The performance troupe’s “Drunk Drag Dizney on Broadway” (opening Thu/15 at SF Oasis) extravaganza, which returns to Oasis this week, is told in two acts, beginning with an all-new Princess Party Cabaret, written by and starring drag Miss Star Search 2019, Snaxx. In the show, Alice in Wonderland (Snaxx) invites popular Disney princesses Belle, Cinderella, Snow White, Megara, and Elsa, all played by drag queens, to her birthday party in SOMA, where things go off the rails quickly.
Then the second act, adapted and directed by Drunk Drag Broadway’s founder and creative director Jimmy Moore (also known as Chyna Maykit), is a raucous parody mashup of popular Disney on Broadway musicals, The Lion King, Aladdin, and The Little Mermaid. Featuring Maykit and Peggy L’eggs as narrators, the cast is rounded out by a slew of drag performers acting the story out, lip-syncing the dialogue, and singing the songs live.
It’s important to note that in these performances drag is used not only to enhance the existing gaiety of Broadway musicals and, in the case of the current show, Disney stories, but also to critique their racist, sexist, and homophobic plotlines and characterizations.
Disney characters have historically been straight and, if human, mostly white. Heroes have traditionally been men, and women have mostly been relegated to supporting roles. Villains are typically portrayed with affected gay mannerisms. King Candy (Wreck-It Ralph), Jafar (Aladdin), Governor Ratcliffe (Pocahontas), Hades (Hercules), Scar (The Lion King), and Shere Khan (The Jungle Book) are just a few of these.

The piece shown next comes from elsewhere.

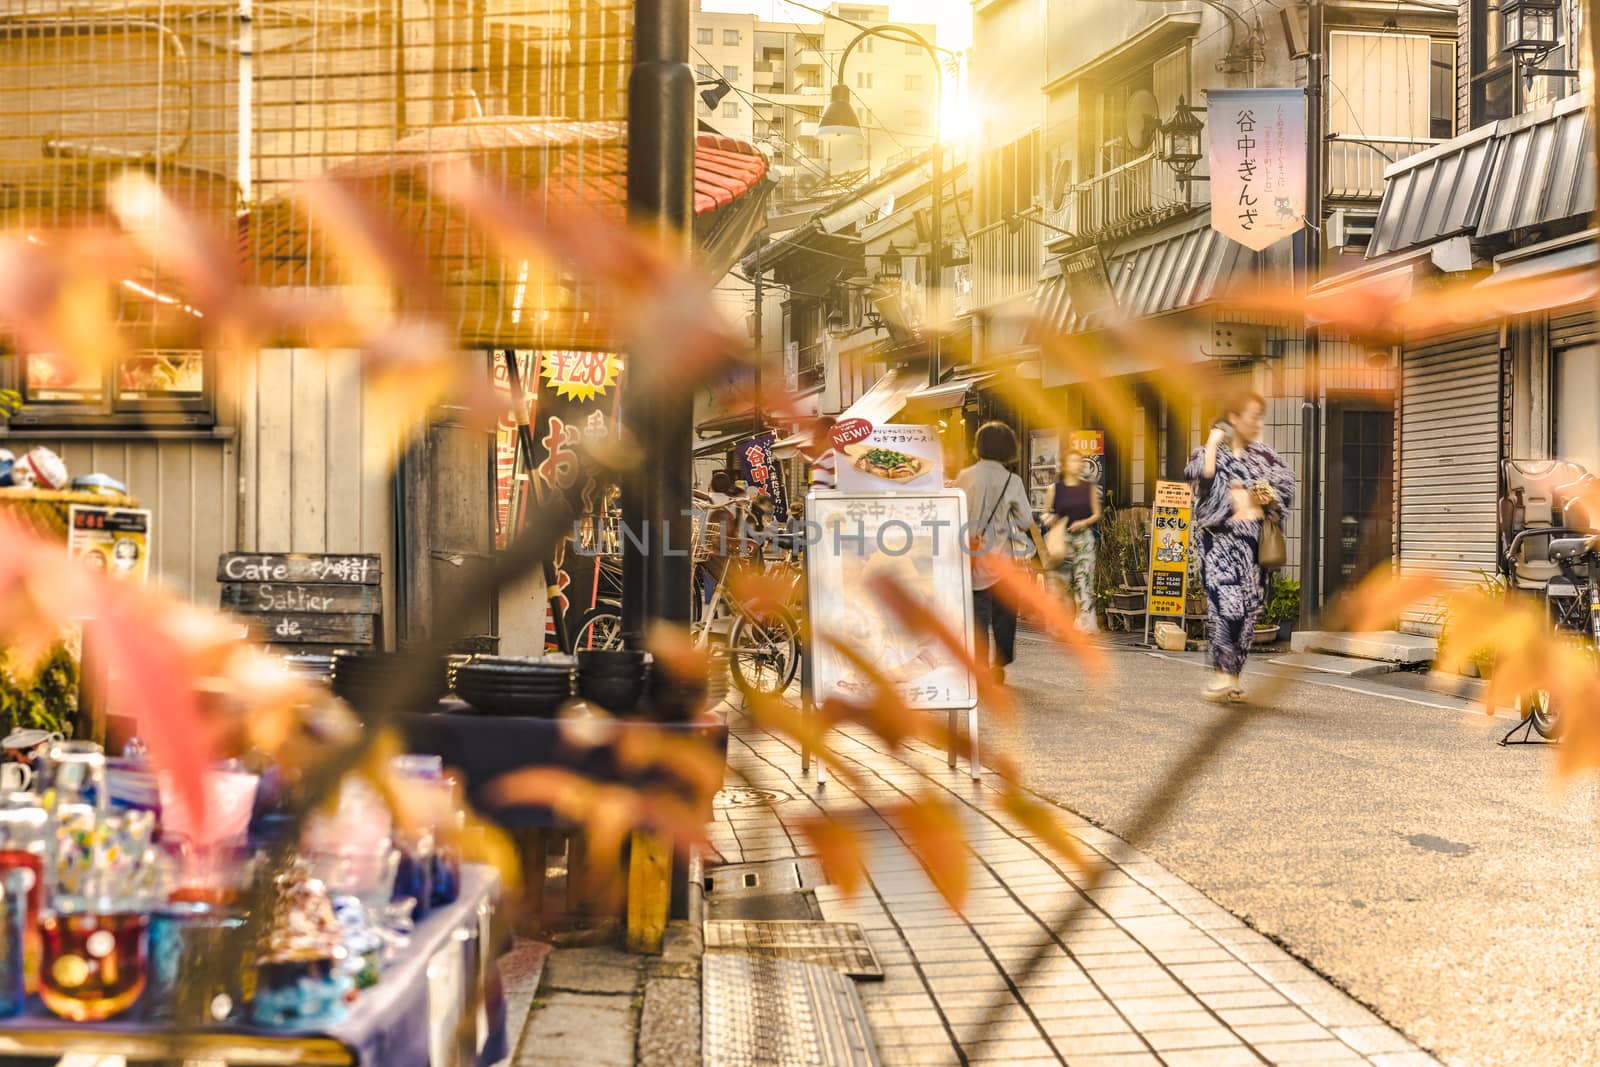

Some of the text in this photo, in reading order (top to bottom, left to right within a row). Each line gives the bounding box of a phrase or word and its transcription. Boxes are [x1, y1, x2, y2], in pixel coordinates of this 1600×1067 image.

While Disney has made strides toward inclusivity—Oaken’s “coming out” scene in Frozen, Disney’s first gay kiss in animated kids’ series Star vs. the Forces of Evil, and the announcement that Ariel would be played by a black actress in the new live-action remake of The Little Mermaid…. Progress has been slow.
As Moore prepared for this week’s return of “Drunk Drag Dizney” on Broadway (opening Thu/15 at SF Oasis), he spoke to 48 Hills about the original inspiration behind his shows, why musicals are ripe for drag parody, and about using his platform as a performer to chip away at all the racism, misogyny, and homophobia in traditional Disney stories.
48 HILLS How did you come up with the idea for Drunk Drag Broadway?
JIMMY MOORE I saw Shoshana Bean, who would serendipitously become a friend years later, on YouTube do Drunk Wicked, a Drunk History version of Broadway’s Wicked. She told the story and others in cheap costumes lip-synced to her drunk dialogue. I thought this would be the perfect kind of material for drag parody.
Also, I absolutely love the art and social commentary of drag and I am a huge fan of live-singing theater, so I really wanted to bring them together more. Many drag performers sing live, but lip-syncing is the standard. I mentioned the idea to a few people and they lit up, so I pitched it to [Oasis owners] Heklina and D’Arcy Drollinger and they gave us the space to try it out.
Since then we’ve grown into a two-week run every quarter at Oasis and we have a budget, so we can pay all of our performers and techs.
48 HILLS What makes Disney musicals ripe for the Drunk Drag Broadway treatment?
JIMMY MOORE I am not far from the little gay boy in me who grew up in Disney’s renaissance in the ‘80s and ‘90s who wore out his VHS copy of The Little Mermaid, so I thought it would be fun to mash up the hero’s journey we often see in these types of shows and in Drunk Drag Broadway-style lovingly point at the flaws in the fairytales, such as Ariel’s trade for a man.
So, in this case, we merged elements of The Lion King, The Little Mermaid, and Aladdin among a few other nods for a celebration and takedown.
48 HILLS Disney, many would argue, has been historically homophobic toward the gay community. What are your thoughts on this and how did that play into your decision to focus on Disney musicals in this show?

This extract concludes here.